Das ist der letzte Punkt, den wir noch berühren möchten. Der Herr hat den Seinen den Auftrag gegeben, «das Wort der Wahrheit des Evangeliums» weiterzugeben und überall zu verkündigen. Paulus empfing in dieser Beziehung einen besonderen Auftrag, den er treu erfüllte. Er hat für diesen Dienst Anweisungen gegeben, die auch für uns gültig sind. Von sich selbst konnte er bezeugen, dass er bei der Verkündigung Gottes Wort nicht verfälscht, sondern die Wahrheit offenbart habe (2. Kor 4,2). Wie viele Prediger in späteren Jahrhunderten sind Paulus hierin nicht nachgefolgt, sondern haben dem Wort gewisse Elemente hinzugefügt und andere weggenommen und dadurch das Evangelium der Wahrheit verfälscht. Welch eine Verantwortung!

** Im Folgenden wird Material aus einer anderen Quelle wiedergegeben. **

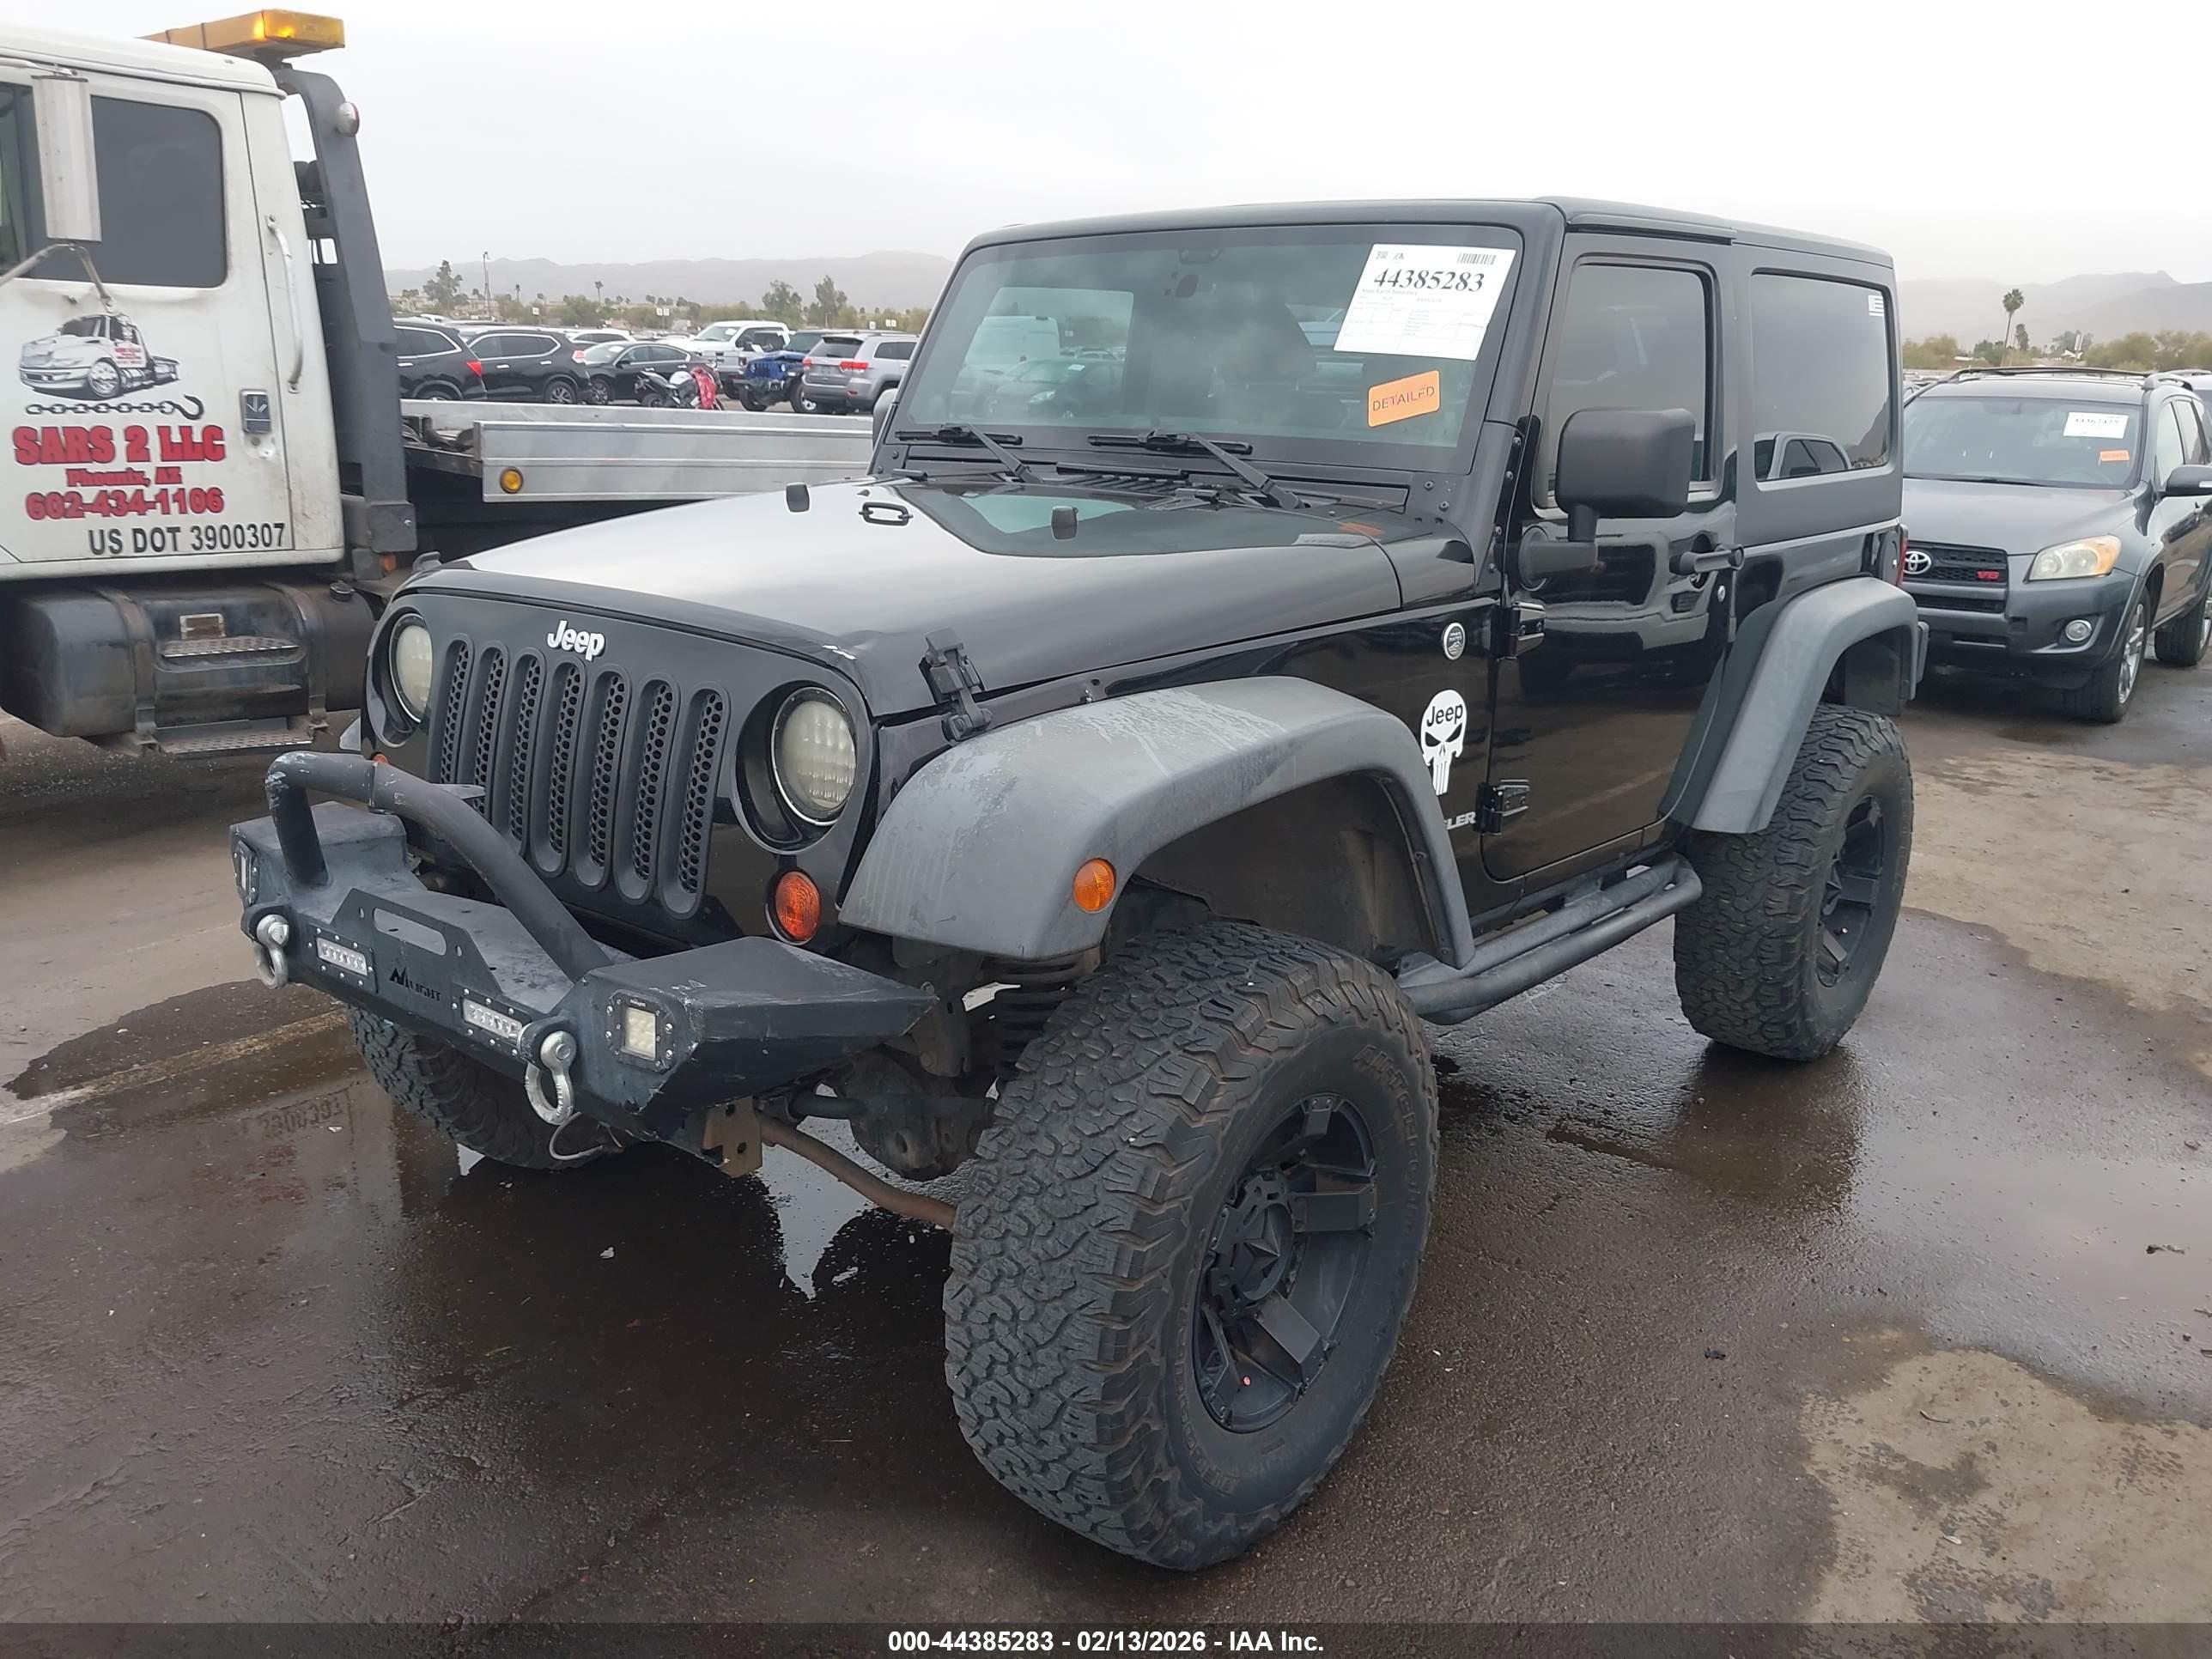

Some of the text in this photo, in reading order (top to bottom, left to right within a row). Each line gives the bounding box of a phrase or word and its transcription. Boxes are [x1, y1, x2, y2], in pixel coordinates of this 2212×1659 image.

In 2. Timotheus 2,15 finden wir die Ermahnung, das Wort der Wahrheit recht zu teilen. Wir werden aufgefordert, das Wort der Wahrheit so zu verkündigen, dass der Diener vor dem Meister, der die Ausführung dieses Auftrages beurteilen wird, seine Augen nicht beschämt niederschlagen muss. Nehmen wir dabei 2. Johannes 9 zu Herzen!

Wem es nicht gegeben ist, das Wort zu predigen, dem ist die Möglichkeit geschenkt, Mitarbeiter der Wahrheit zu werden. In 3. Johannes 8 finden wir ein Beispiel dafür: «Wir nun sind schuldig, solche aufzunehmen, damit wir Mitarbeiter der Wahrheit werden.» Das Wort «damit» deutet darauf hin, dass dies von uns allen erwartet wird. In dieser Hinsicht werden uns in der Fürbitte, in der Gastfreundschaft für die Arbeiter des Herrn viele Möglichkeiten gegeben. Lasst uns diese ergreifen, im Bewusstsein, dass wir nichts gegen die Wahrheit, wohl aber etwas für die Wahrheit zu tun vermögen.